I was referring to the time period of the three listed kings, which I consider to be somewhat of a "team effort". That period to me seems like the ideal and most interesting time in Westeros.

Jahaerys I and Viserys I were indeed good kings, however they had dragons to back them up and that makes being a "good" ruler considerably easier. The end of their peaceful rule was due to Viserys' ineptitude at forcefully and clearly naming an heir much like Aegon IV would neglect to do. 

J & V's peace ends abruptly and violently due to familial infighting and dragons. D, A & M's peace is held without the benefit of dragons, fends off outside enmity, and really doesn't end so much as it just kind of peters out over time many years later. 

I don't really see how having a dragon makes being a good king easier beyond the fact that it might mean less people are willing to rebel.

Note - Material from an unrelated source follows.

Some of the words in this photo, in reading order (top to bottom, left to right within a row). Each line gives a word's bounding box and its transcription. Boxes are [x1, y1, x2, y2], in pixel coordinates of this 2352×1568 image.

But even if Jahaerys hadn't had dragons I doubt his reign would have had many problems. The realm had rallied behind him and he gave them no causes to turn against him. It was nothing but peace and prosperity, a peace and prosperity that lasted longer than the three kings you listed put together, and there were no issues with succesion. Anytime an issue came up he called great council and allowed his lords to decide who should inherit. No succesion wars.

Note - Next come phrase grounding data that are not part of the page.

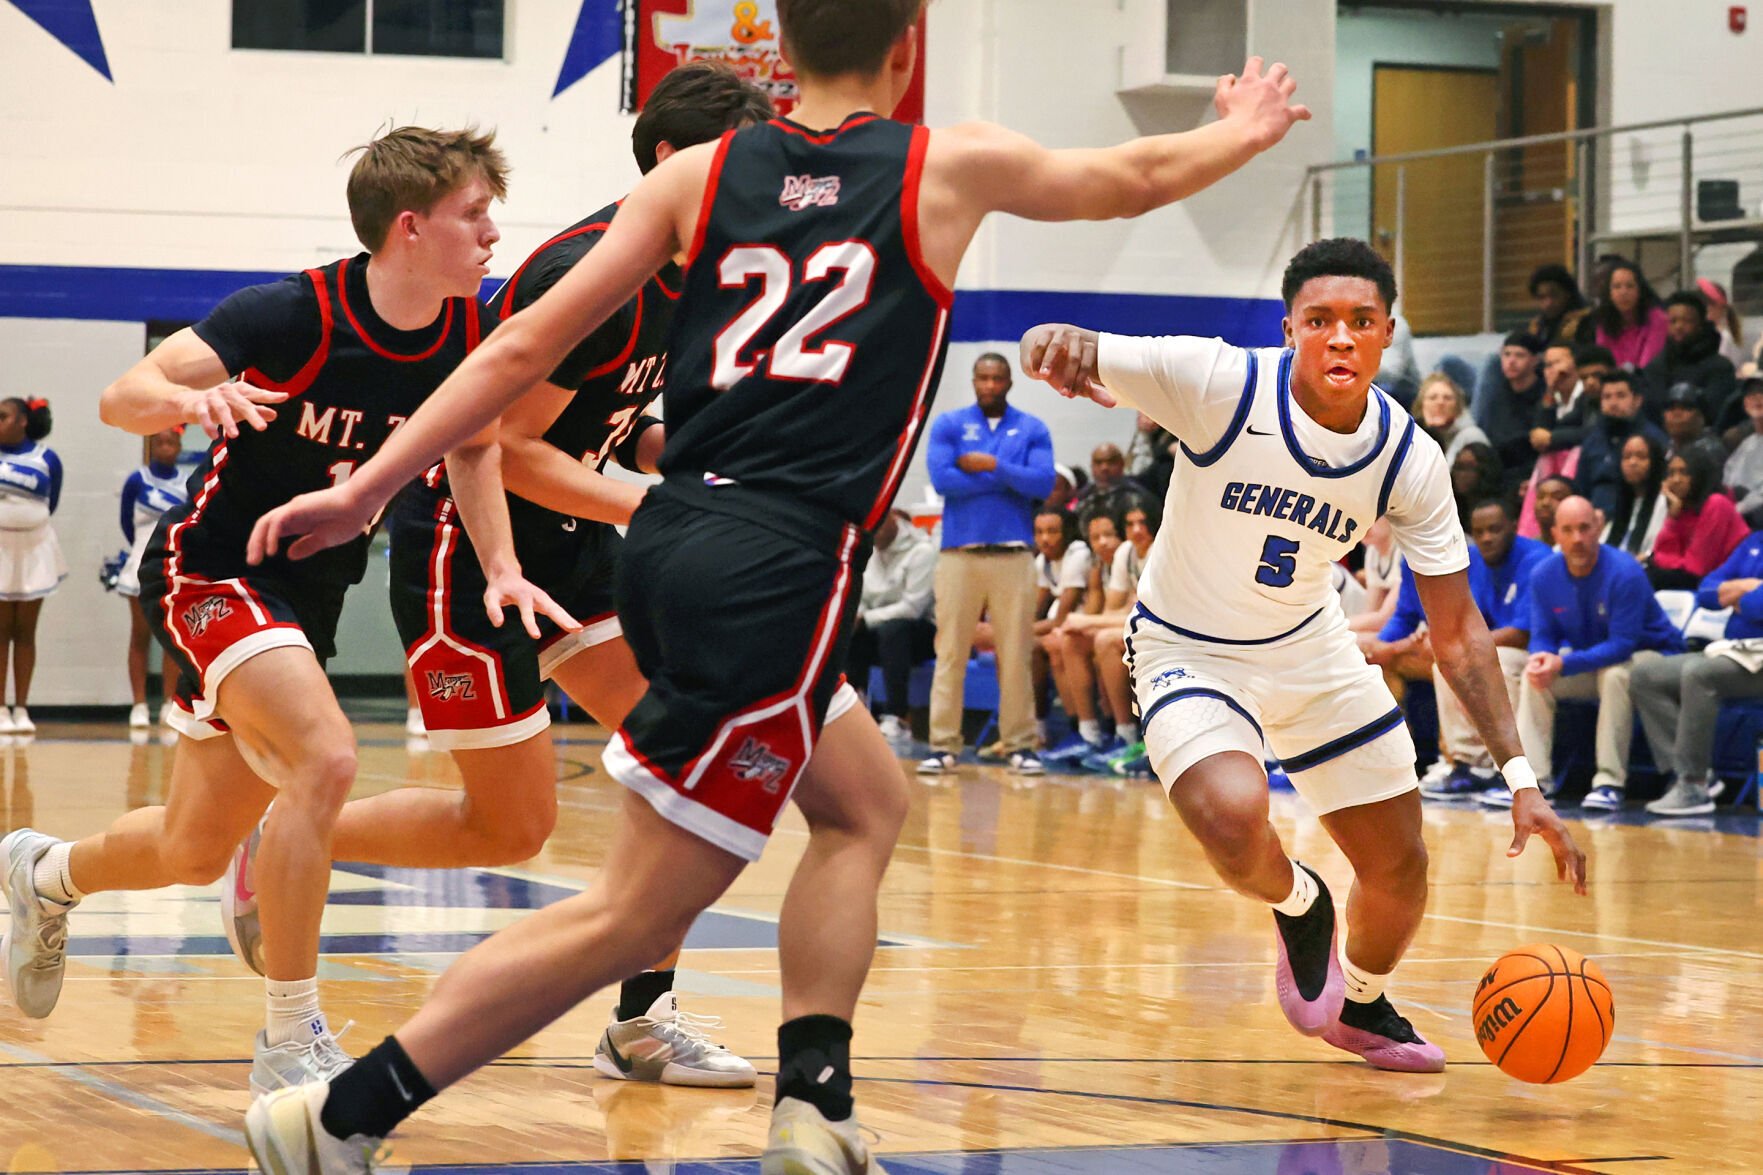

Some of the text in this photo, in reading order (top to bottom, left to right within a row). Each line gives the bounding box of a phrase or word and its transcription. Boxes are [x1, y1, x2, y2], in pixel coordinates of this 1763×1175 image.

[709, 238, 880, 392] 22
[296, 400, 365, 449] MT.
[1220, 481, 1358, 544] GENERALS
[1254, 534, 1300, 589] 5
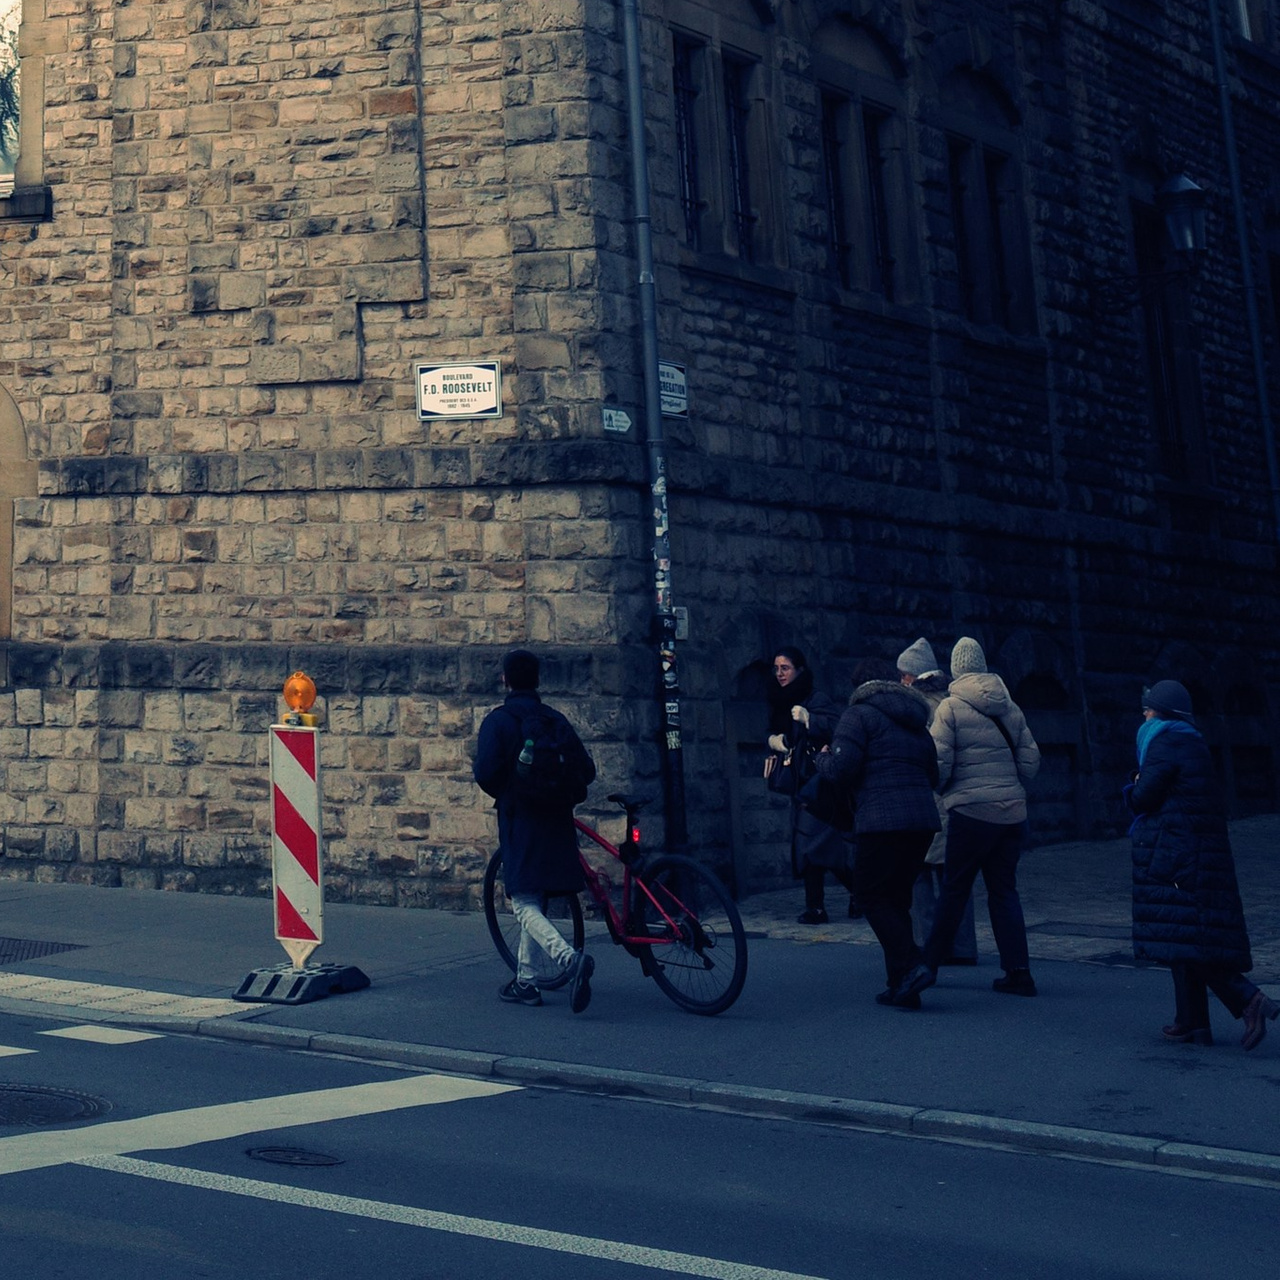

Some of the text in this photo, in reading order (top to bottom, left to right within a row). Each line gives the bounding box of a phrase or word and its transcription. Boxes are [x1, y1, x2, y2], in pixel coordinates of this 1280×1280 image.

[442, 373, 473, 381] BOULEVARD
[423, 382, 493, 395] F.D. ROOSEVELT

Viserys continued this peace for another twenty-five-ish years. This period did not end due to Viserys inability to clearly name an heir. That's just completely untrue. If you'll recall, Viserys was actually very clear about the fact that Rhaenyra was his heir. He made this point very clear on numerous occasions. It was Alicent's ambition, Cole's  wounded pride and Aegon's arrogance and their refusal to accept Viserys' decision that led to the Dance.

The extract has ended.